Brüssel. . Durchgesickert war der Beschluss schon vorher, nun ist es offiziell: Der Dauerstreit zwischen der EU-Kommission und der Bundesregierung um die Vorratsdatenspeicherung geht vor dem Europäischen Gerichtshof weiter. Deutschland droht ein saftiges Zwangsgeld.

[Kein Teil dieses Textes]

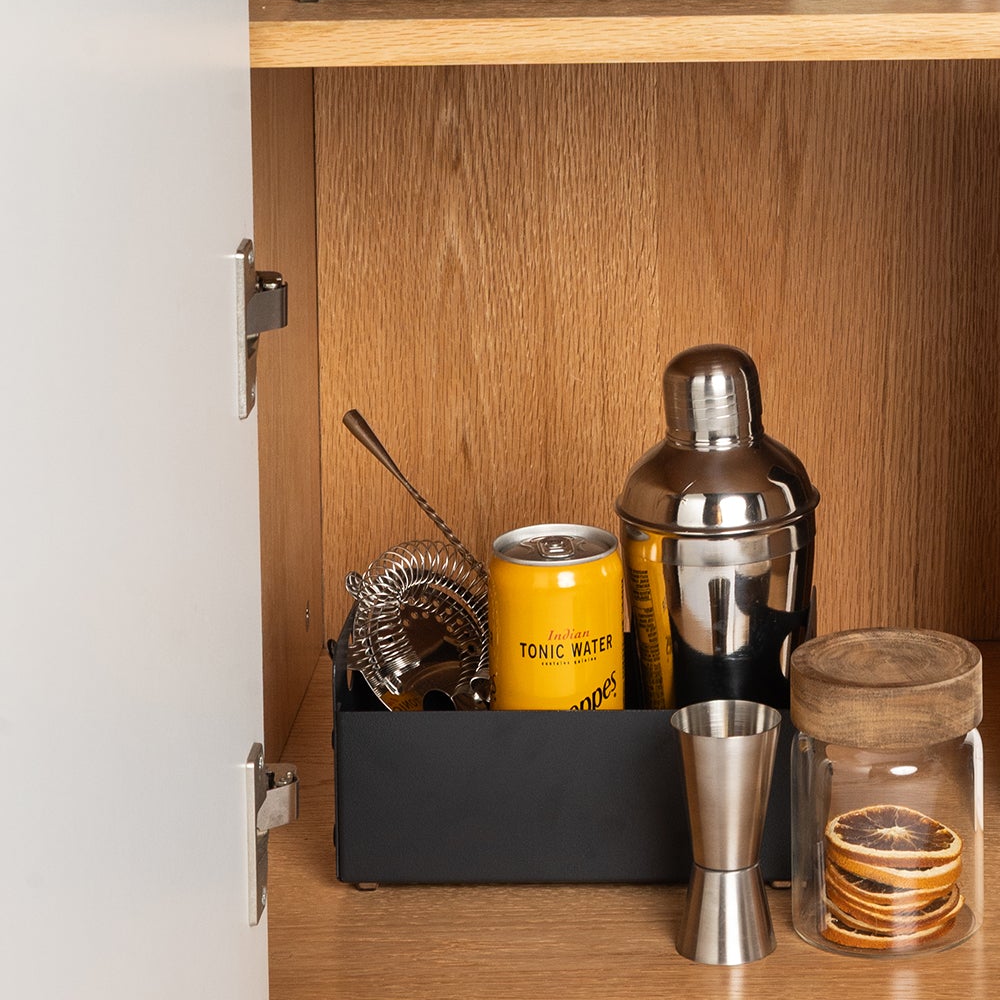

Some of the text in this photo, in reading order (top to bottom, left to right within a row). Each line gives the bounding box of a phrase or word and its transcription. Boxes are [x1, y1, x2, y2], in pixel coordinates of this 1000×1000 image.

[547, 628, 590, 641] Indian
[520, 634, 613, 659] TONIC WATER

Im Streit um die Vorratsdatenspeicherung verklagt die EU-Kommission Deutschland vor dem Europäischen Gerichtshof (EuGH). „Mehr als zwei Jahre nachdem das Bundesverfassungsgericht das nationale Gesetz zur Umsetzung der EU-Richtlinie zur Vorratsspeicherung von Daten aufhob, ist Deutschland der Richtlinie immer noch nicht nachgekommen“, teilte die EU-Kommission am Donnerstag in Brüssel mit. „Daher erhob die Kommission heute Klage vor dem Europäischen Gerichtshof und forderte die Verhängung von Geldstrafen.“

EU-Kommission schlägt saftiges Zwangsgeld vor

Die Kommission schlug dem Gerichtshof nach eigenen Angaben vor, „die Zahlung eines Zwangsgelds für jeden Tag ab dem Urteil des Gerichtshofs bis zur Beendigung des Verstoßes gegen EU-Recht zu verhängen“. Brüssel sprach sich dabei für ein tägliches Zwangsgeld von mehr als 315.000 Euro aus.

Die Bundesregierung setzt die EU-Richtlinie zur Speicherung von Telekommunikationsdaten zwecks der Bekämpfung von Kriminalität und Terrorismus trotz mehrfacher Ermahnungen aus Brüssel nicht um. In Deutschland hatte das Bundesverfassungsgericht die Umsetzung der Richtlinie aus dem Jahr 2006 in deutsches Recht im Jahr 2010 gekippt. Union und FDP konnten sich seitdem nicht auf ein neues Gesetz einigen.

Innenminister Friedrich: Strafzahlungen könnten noch verhindert werden

Nach der Klageerhebung der EU-Kommission sieht Bundesinnenminister Hans-Peter Friedrich (CSU) einen erhöhten Druck auf die schwarz-gelbe Koalition, zu einer Einigung zu kommen. Die nun drohenden Strafzahlungen könnten verhindert werden, wenn Bundesjustizministerin Sabine Leutheusser-Schnarrenberger (FDP) einlenke, sagte Friedrich am Donnerstag am Rande der Innenministerkonferenz in Göhren-Lebbin.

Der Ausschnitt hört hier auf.